Die Pflegedienste im Südwesten müssen sich nach Ansicht von Integrationsministerin Bilkay Öney (SPD) besser um ältere Migranten kümmern. Foto: dpa

Pflegedienste im Südwesten müssen sich laut Integrationsministerin besser um Migranten kümmern.

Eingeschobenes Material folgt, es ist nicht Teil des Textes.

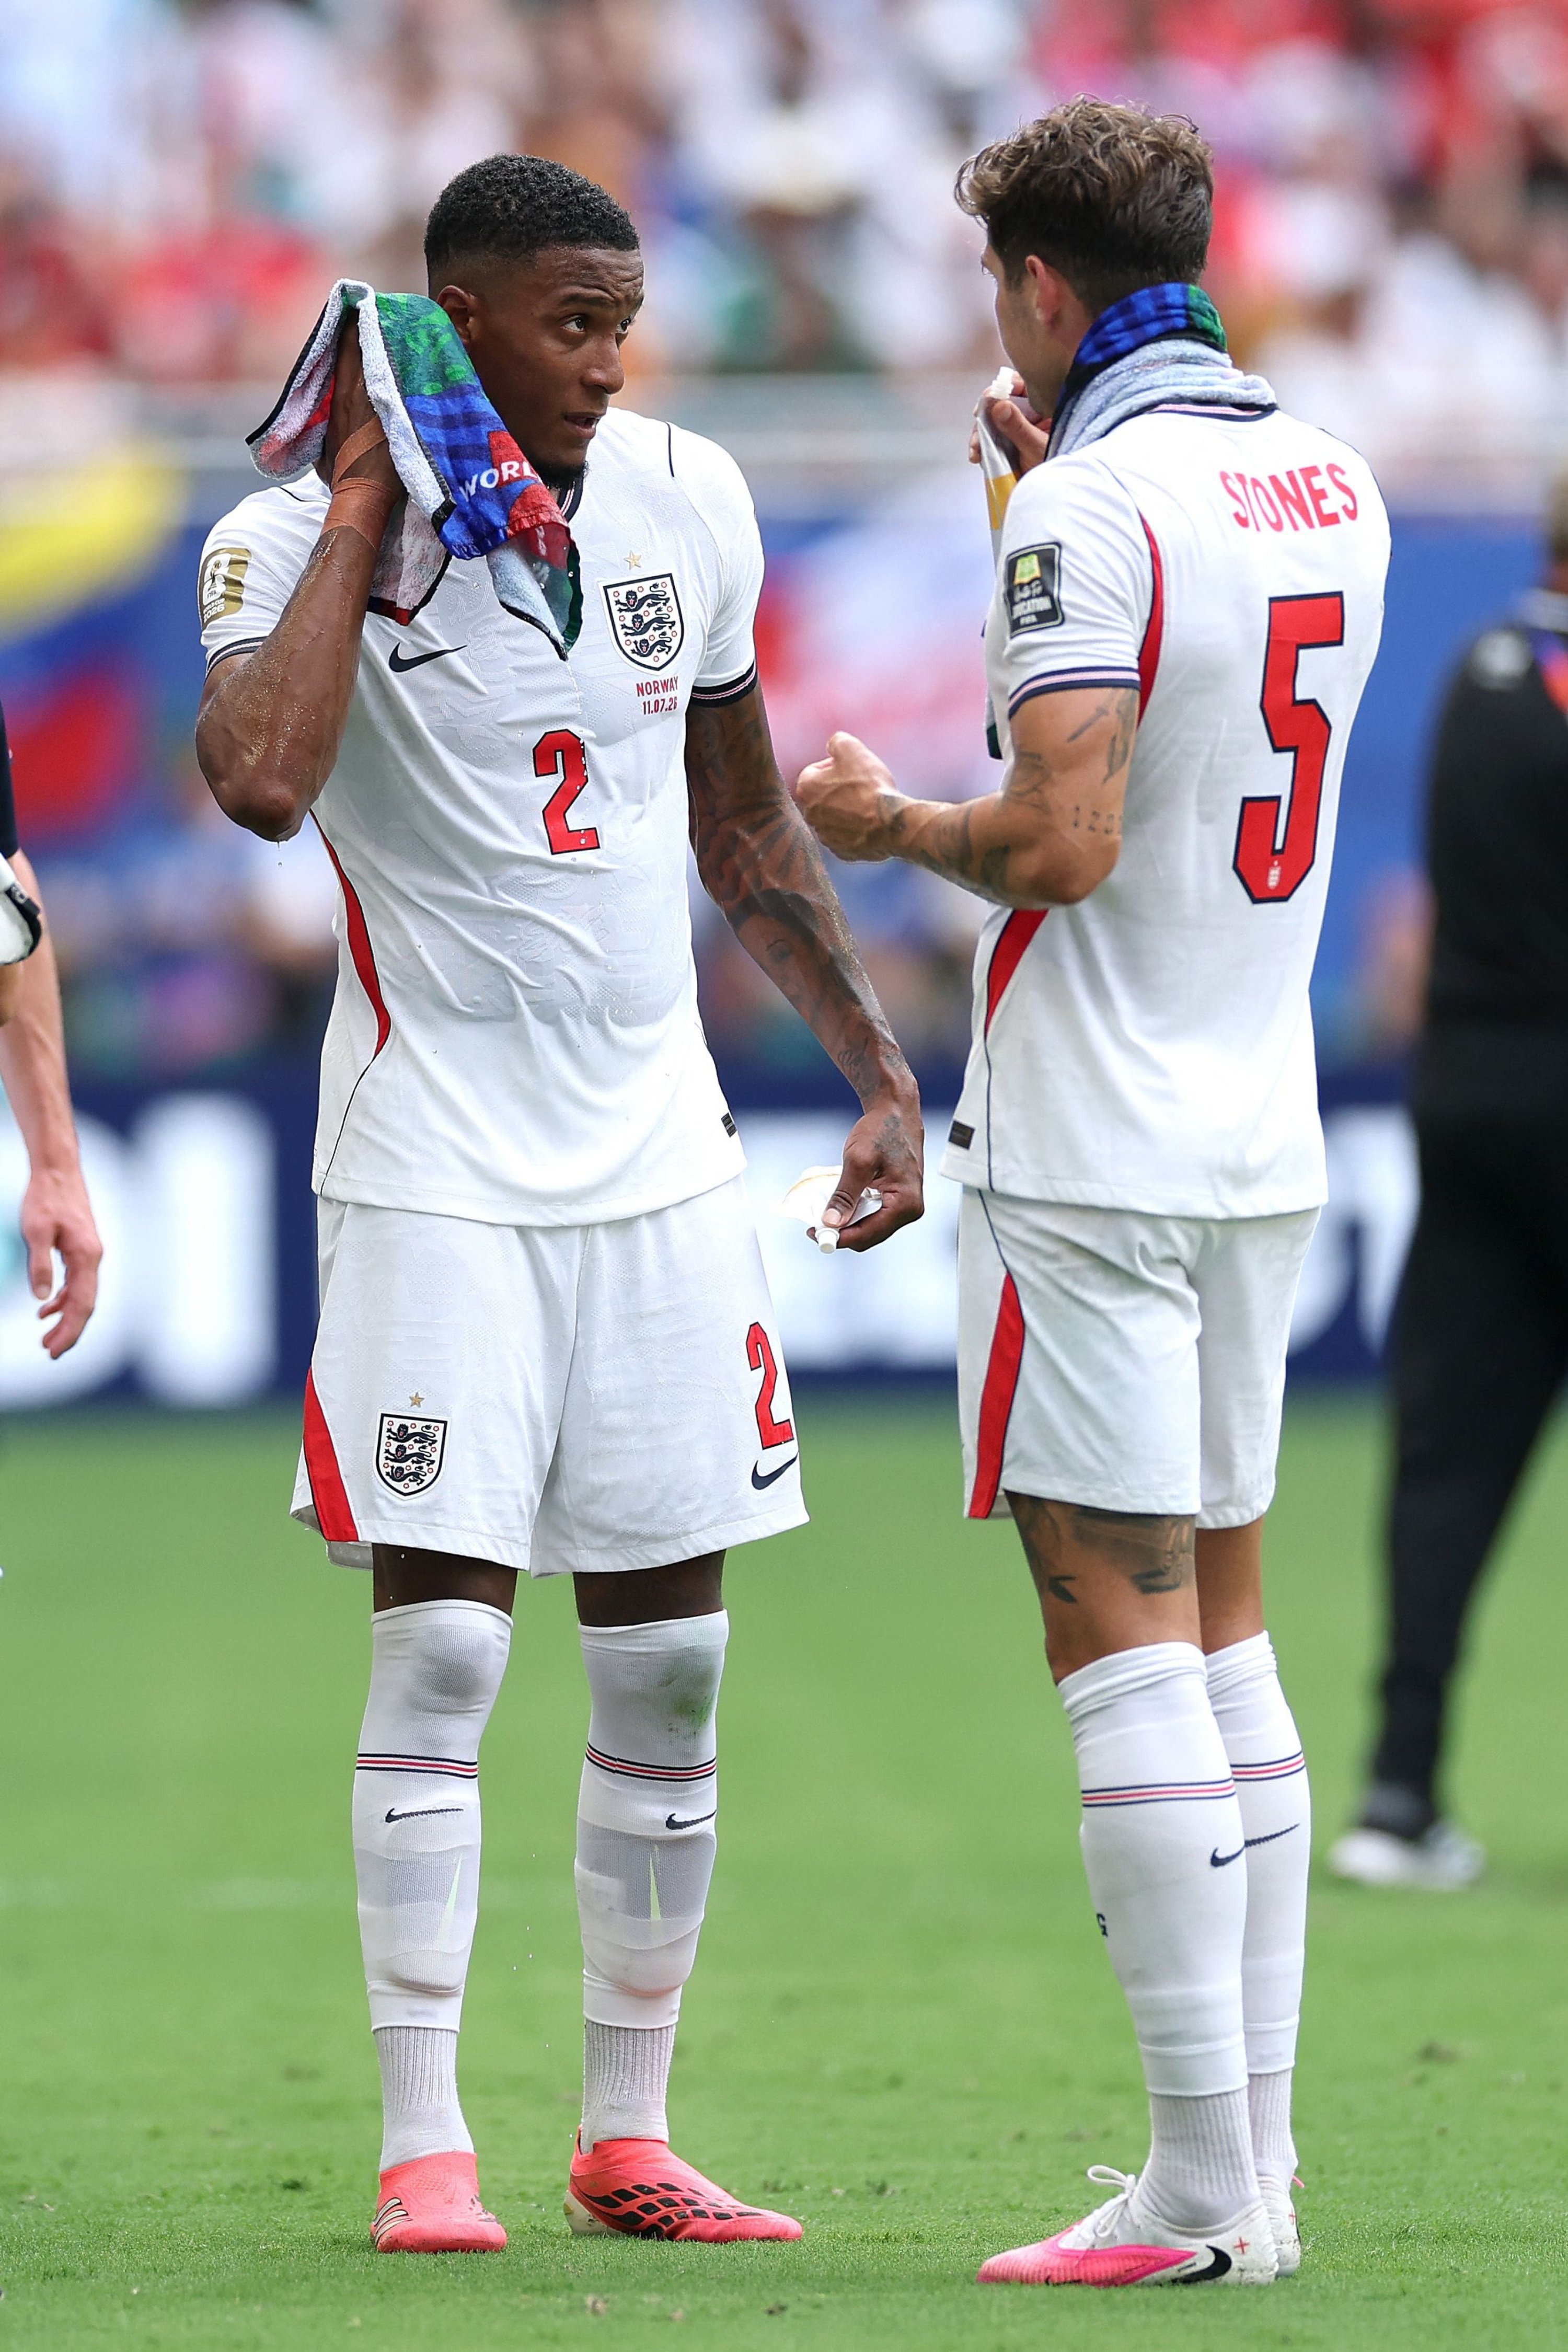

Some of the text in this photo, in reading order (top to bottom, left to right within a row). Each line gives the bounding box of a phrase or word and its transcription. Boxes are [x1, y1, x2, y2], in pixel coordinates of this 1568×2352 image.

[459, 460, 540, 502] WORL
[1219, 463, 1358, 532] STONES
[203, 603, 225, 623] 2026
[636, 676, 678, 697] NORWAY
[642, 696, 677, 715] 11.07.26
[1233, 591, 1344, 904] 5
[532, 729, 601, 856] 2
[746, 1321, 794, 1450] 2
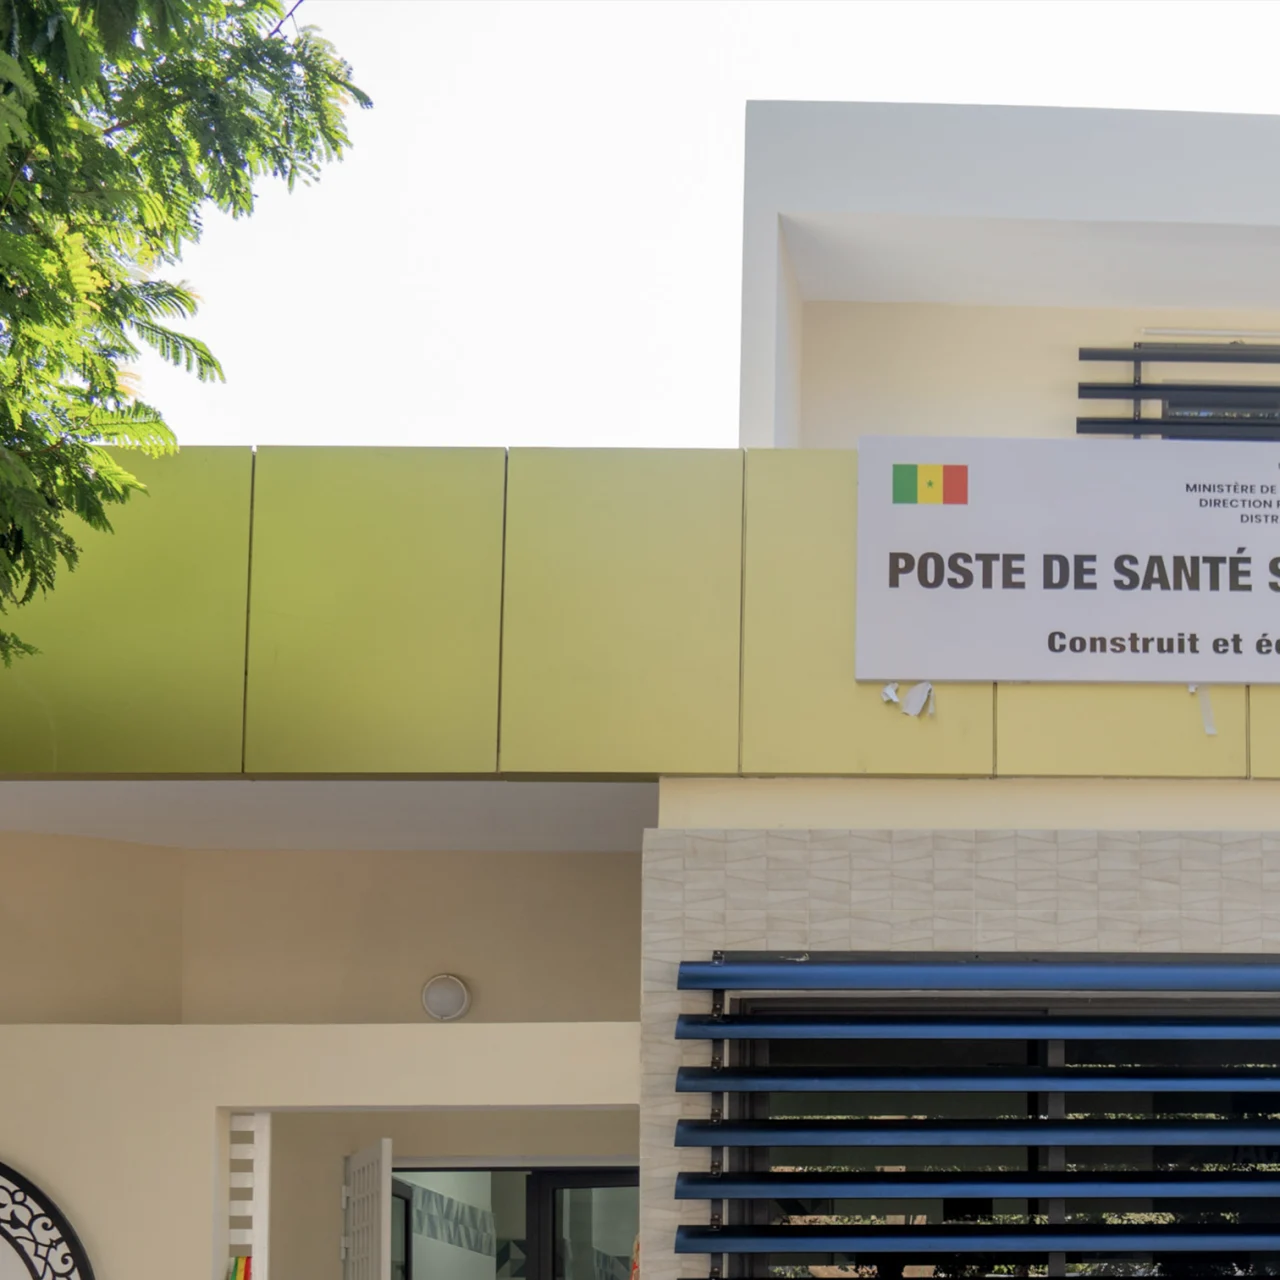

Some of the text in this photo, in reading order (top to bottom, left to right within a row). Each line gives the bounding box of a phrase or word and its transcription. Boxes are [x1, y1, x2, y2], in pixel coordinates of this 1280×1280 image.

[1185, 482, 1256, 494] MINISTÈRE
[1260, 485, 1276, 494] DE
[1199, 498, 1273, 509] DIRECTION
[888, 551, 1026, 590] POSTE
[1042, 553, 1098, 591] DE
[1113, 547, 1253, 593] SANTÉ
[1047, 631, 1200, 655] Construit
[1211, 633, 1243, 655] et

Stuttgart - Die Pflegedienste im Südwesten müssen sich nach Ansicht von Integrationsministerin Bilkay Öney (SPD) gezielter um ältere Migranten kümmern. Die erste Generation von Zuwanderern komme in die Jahre, bleibe aber entgegen ursprünglicher Planung häufig in Deutschland und stelle die ambulante und stationäre Pflege vor neue Herausforderungen. „Es gibt Unterschiede, denen wir Rechnung tragen müssen“, sagte Öney am Freitag in Stuttgart.

Öney: Nötig ist eine „kultursensible Pflege“

Derzeit sind von den 2,7 Millionen Menschen mit Migrationshintergrund im Südwesten elf Prozent älter als 65 Jahre. Der Paritätische Wohlfahrtsverband zählt 300.000 Senioren mit ausländischen Wurzeln zwischen Main und Bodensee. Nötig sei eine „kultursensible Pflege“, sagte Öney. Zum einen sei der körperliche Verschleiß wegen der harten Arbeit in der Industrie oft größer. Die Migranten seien zudem stärker von psychosomatischen Problemen betroffen als Deutsche gleichen Alters. „Es gibt Studien, die zeigen, dass das Gefühl der Fremde und Traumata während der Integration in Deutschland diese Menschen psychologisch enorm belasten.“ Auch hierauf müsse die Pflege eingehen, insbesondere mit Personal, das die Heimatsprache beherrsche. Denn die „Gastarbeiter“ hätten selten Integrationskurse besucht.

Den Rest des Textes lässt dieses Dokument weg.